Keywords: Amyloid; Amyloid beta; Deep mutational scanning; Protein aggregation.

Figure 1A-D.

A yeast-based aggregation assay distinguishes between soluble and aggregation-prone variants of Aβ. A schematic of the assay shows plasmid-based expression of Aβ-DHFR and a nonaggregating variant of Aβ fused to DHFR, which lead to slow and fast yeast growth in the presence of methotrexate, respectively (A). A stacked bar graph shows the percentage of Aβ-DHFR and Aβ¹⁹_FD-DHFR in co-culture (y-axis) every 12 hr for 48 hr (x-axis; B). Fluorescence light microscopy shows the aggregation patterns of Aβ-GFP (WT) and Aβ¹⁹_FD-GFP (¹⁹FD) 16h after induction of expression (C). A bar graph shows the percentage of yeast cells with punctae (y-axis) in five fluorescence microscopy images of Aβ-DHFR (WT) or Aβ¹⁹_FD-DHFR (¹⁹FD; x-axis; D).

Figure 2A-F.

Solubility scores for 791 Aβ variants. Solubility scores reliably measure the effects of Aβ sequence on aggregation propensity. A scatter plot shows the correlation between two of three biological replicates that were averaged to yield final solubility scores (A; Figure S1A). The distribution of solubility scores (x-axis) of synonymous variants was used to determine cutoffs that define variants that are wild-type-like or more/less aggregation-prone than wild-type. The density plot shows distributions of nonsynonymous (light gray) and synonymous (dark gray) variants and the white lines show the lower (-0.26) and upper (0.39) bounds for wild-type-like variants (B). The scatterplot shows the correlation between our solubility scores (y-axis) and a low-throughput yeast growth assay that measured yeast growth rate as a proxy for Aβ solubility (C; Figure S1B). The heatmap shows the effect of 791 Aβ variants on solubility with Aβ positions on the x-axis and mutant amino acids on the y-axis. A variant’s color denotes its solubility: red is most soluble, white is wild-type-like and, dark blue is most aggregated, whereas yellow variants are missing from our variant library and dots denote the wild-type amino acid at a given position. The annotation tracks on the x- and y-axes display the hydrophobicity of each wild-type and mutant amino acid, respectively.
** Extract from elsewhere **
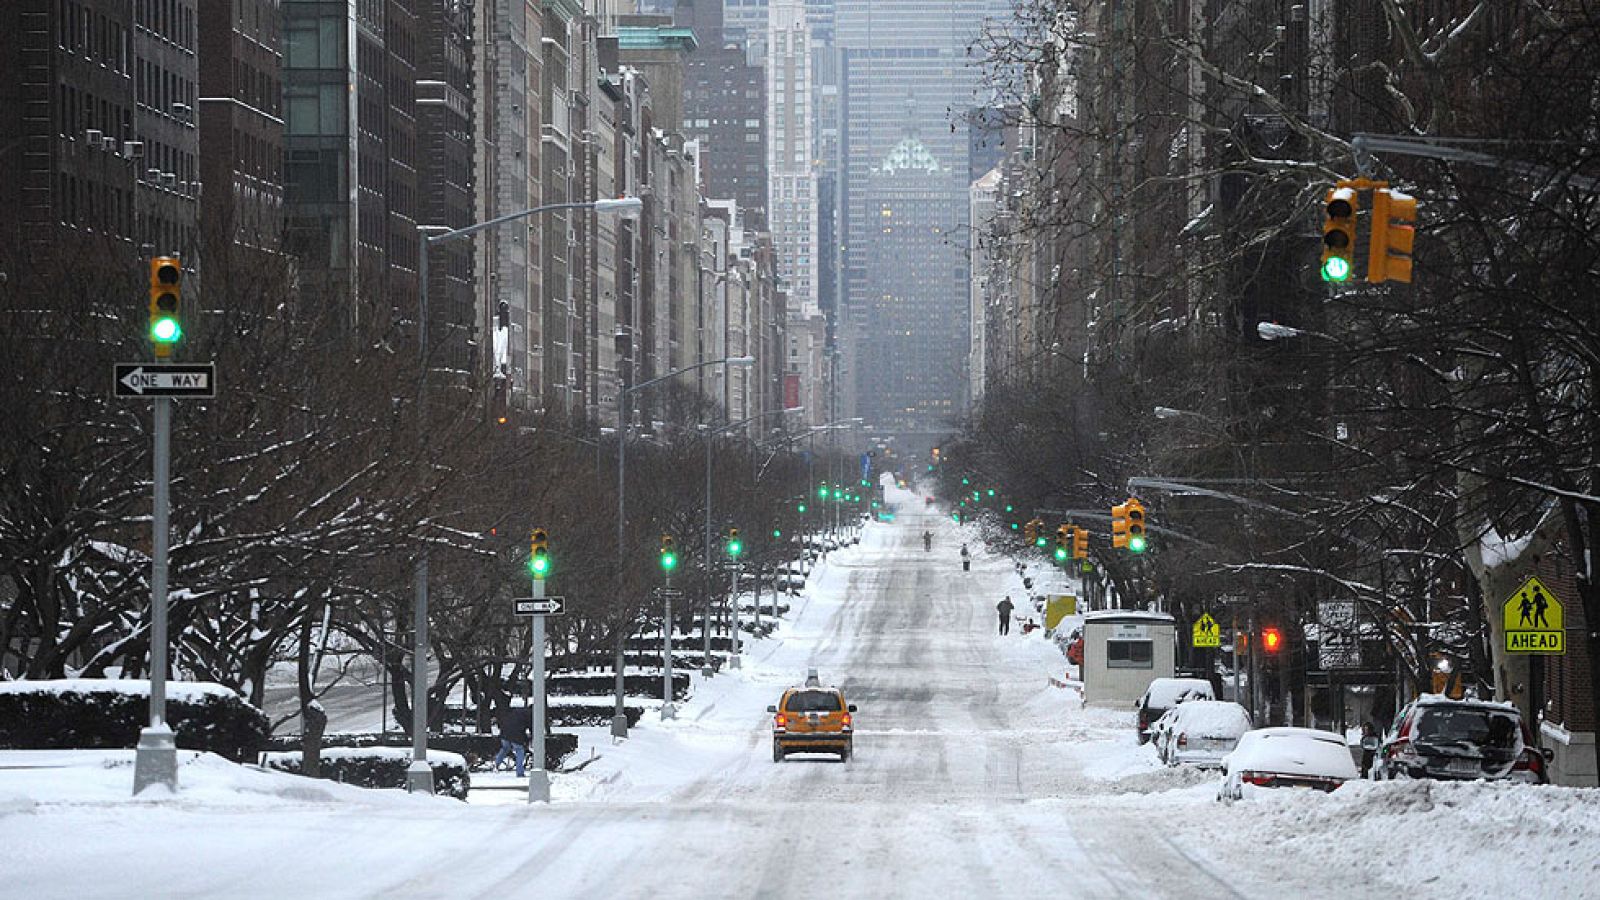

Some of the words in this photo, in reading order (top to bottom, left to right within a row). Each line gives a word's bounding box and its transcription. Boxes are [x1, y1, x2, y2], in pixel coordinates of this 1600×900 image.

[130, 374, 158, 387] ONE
[172, 374, 202, 387] WAY
[1511, 634, 1558, 648] AHEAD
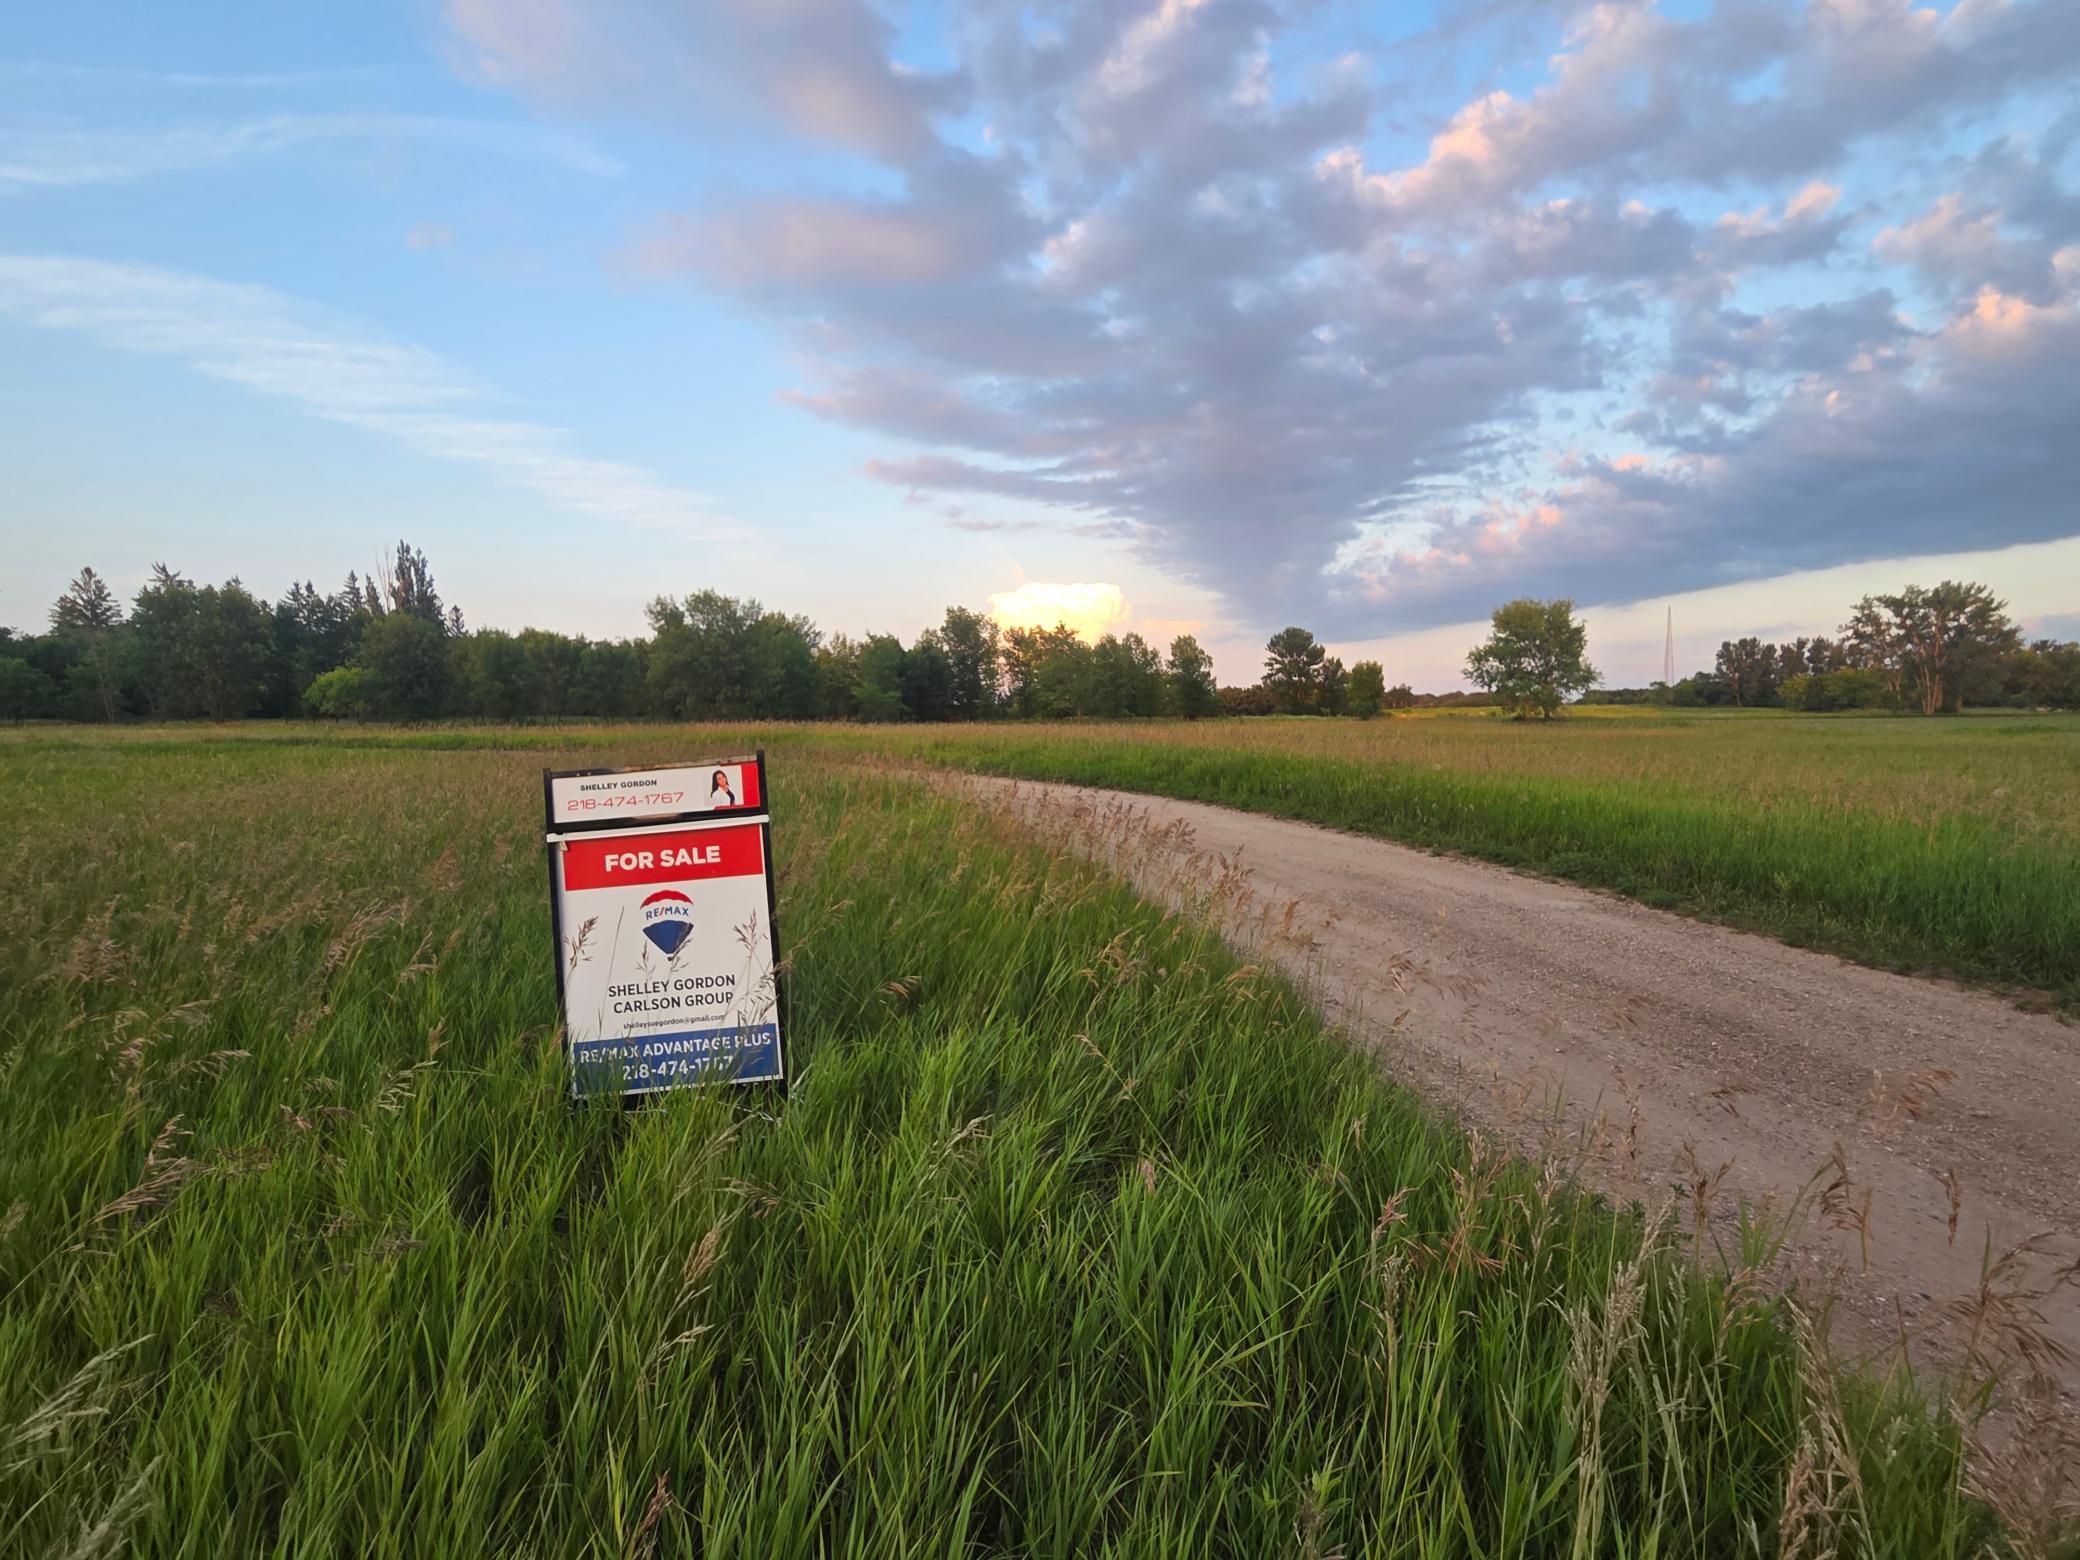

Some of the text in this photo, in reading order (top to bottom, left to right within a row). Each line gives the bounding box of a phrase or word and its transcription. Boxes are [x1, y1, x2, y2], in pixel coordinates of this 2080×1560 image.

The heatmap’s y-axis has been re-ordered using hierarchical clustering on the solubility score vectors (D). For each position, the mean solubility score at each position is depicted using the same color scheme as the main heatmap. Additionally, the mean solubility scores for all hydrophobic and polar substitutions are shown (E; Figure S2A). Heirarchical clustering on the x-axis yielded 6 distinct clusters: 1 (red), 2 (orange), 3 (yellow), 4 (green), 5 (light blue), and 6 (dark blue; F; Figure S2B-C).

Figure 3

Comparison of yeast cell-based solubility scores to in vitro aggregation measurements and Aβ structural models. The scatterplot shows the correlation between our solubility scores (y-axis) and two single amino acid scans that measured the effect of proline (orange) or alanine (teal) variants on the thermodynamic stability of aggregates, relative to wild type (ΔΔG) (A; Figure S3). The first two tracks show unmeasured mutations (dashed gray) and the Aβ buried β-strand positions (black) suggested by proline scanning alone, or by proline and alanine scanning together (Williams et al. 2004; Williams, Shivaprasad, and Wetzel 2006). The third track shows positions with the greatest increase in solubility when mutated in our large-scale mutagenesis study, found in cluster 1 (B). The next nine tracks show the secondary structure of nine models of Aβ aggregate structure for each Aβ position (x-axis; C). The Aβ wild-type sequence is shown at the top.